Given records:
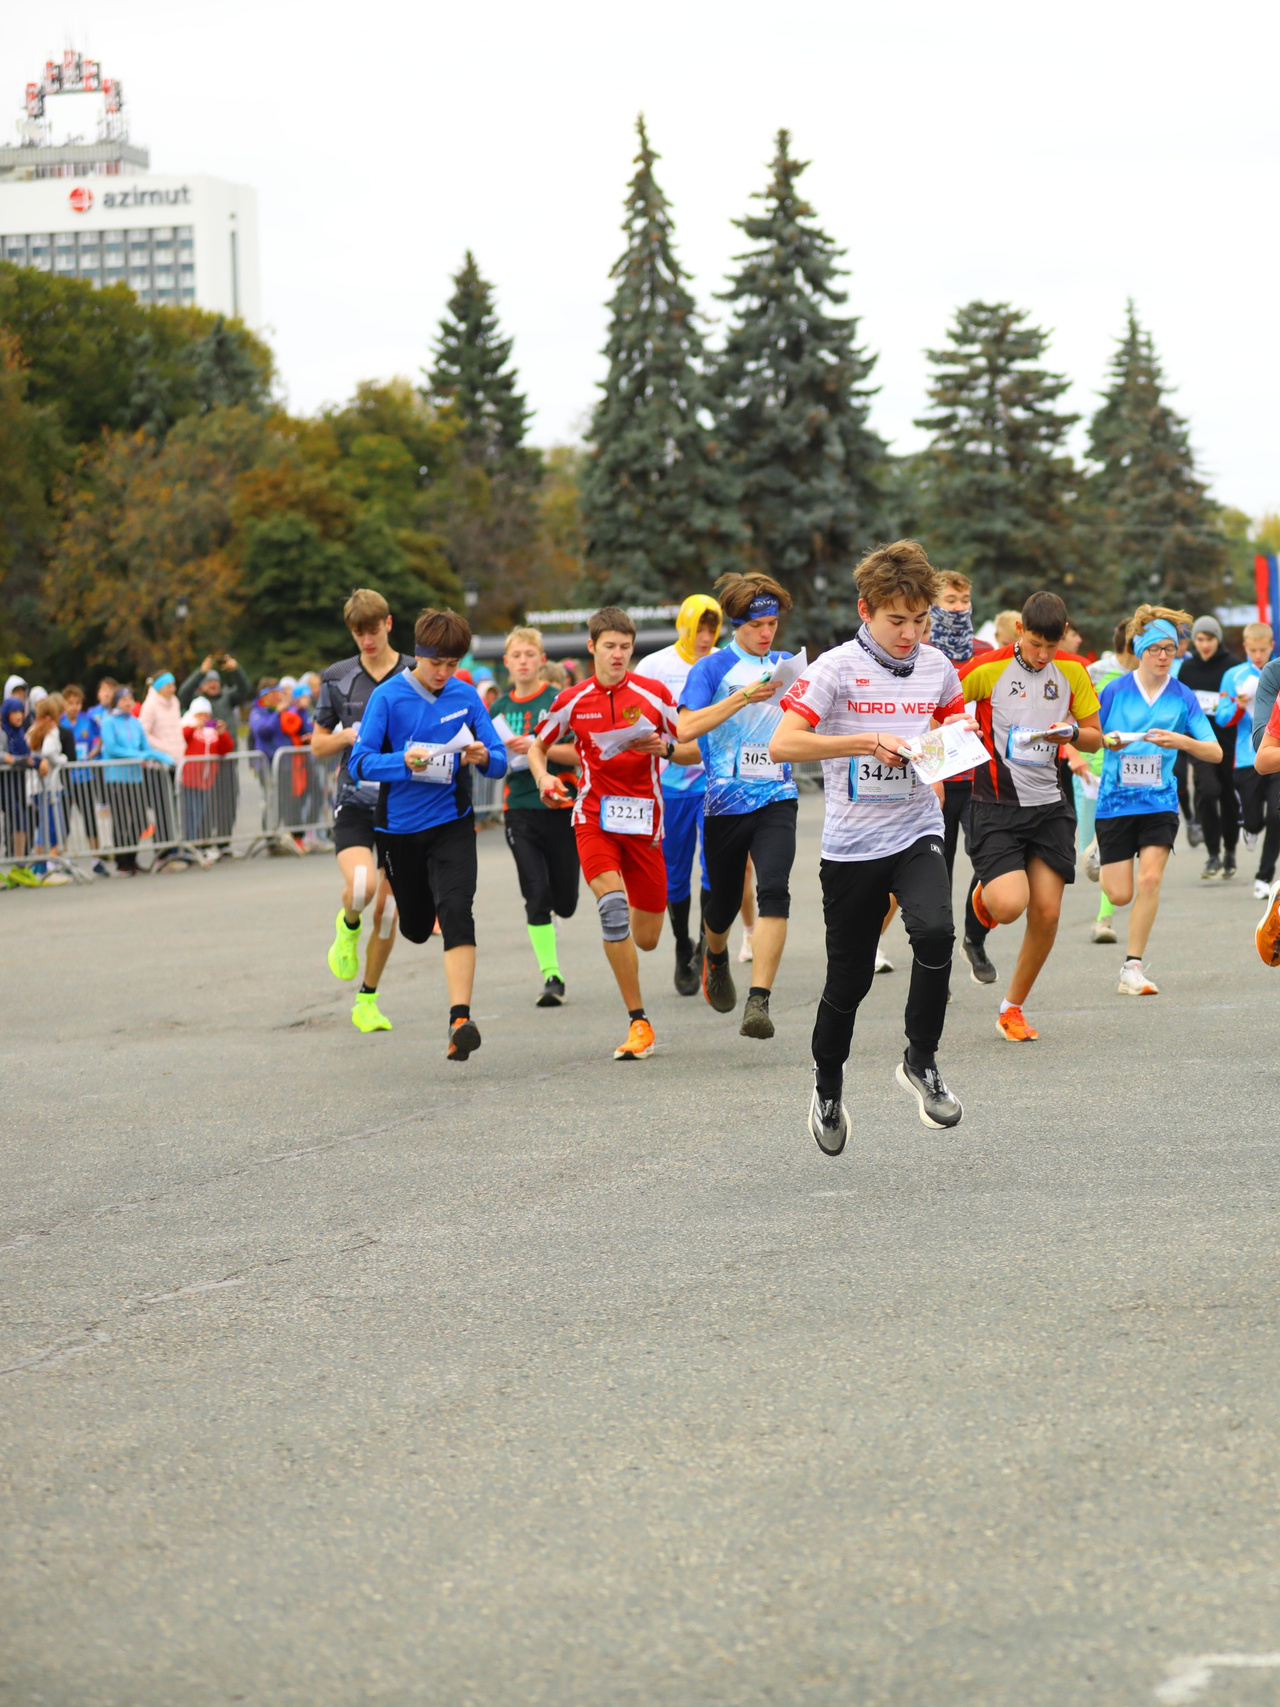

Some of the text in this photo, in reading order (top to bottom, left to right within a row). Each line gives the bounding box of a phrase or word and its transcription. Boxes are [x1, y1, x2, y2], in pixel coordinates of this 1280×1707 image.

[103, 185, 191, 208] azimut
[847, 700, 897, 715] NORD
[576, 712, 603, 720] RUSSIA
[741, 752, 777, 766] 305.
[858, 763, 909, 781] 342.1
[1123, 763, 1156, 775] 331.1
[607, 805, 645, 820] 322.1

What is needed:
Write out the data exactly, but not its pictures.

Task output:
Some of the text in this photo, in reading order (top to bottom, left to right within a row). Each line gives the bounding box of a phrase or word and its transcription. Boxes are [x1, y1, x2, y2], in pixel coordinates of this 1280×1707 image.

[103, 185, 191, 208] azimut
[847, 700, 897, 715] NORD
[576, 712, 603, 720] RUSSIA
[741, 752, 777, 766] 305.
[858, 763, 909, 781] 342.1
[1123, 763, 1156, 775] 331.1
[607, 805, 645, 820] 322.1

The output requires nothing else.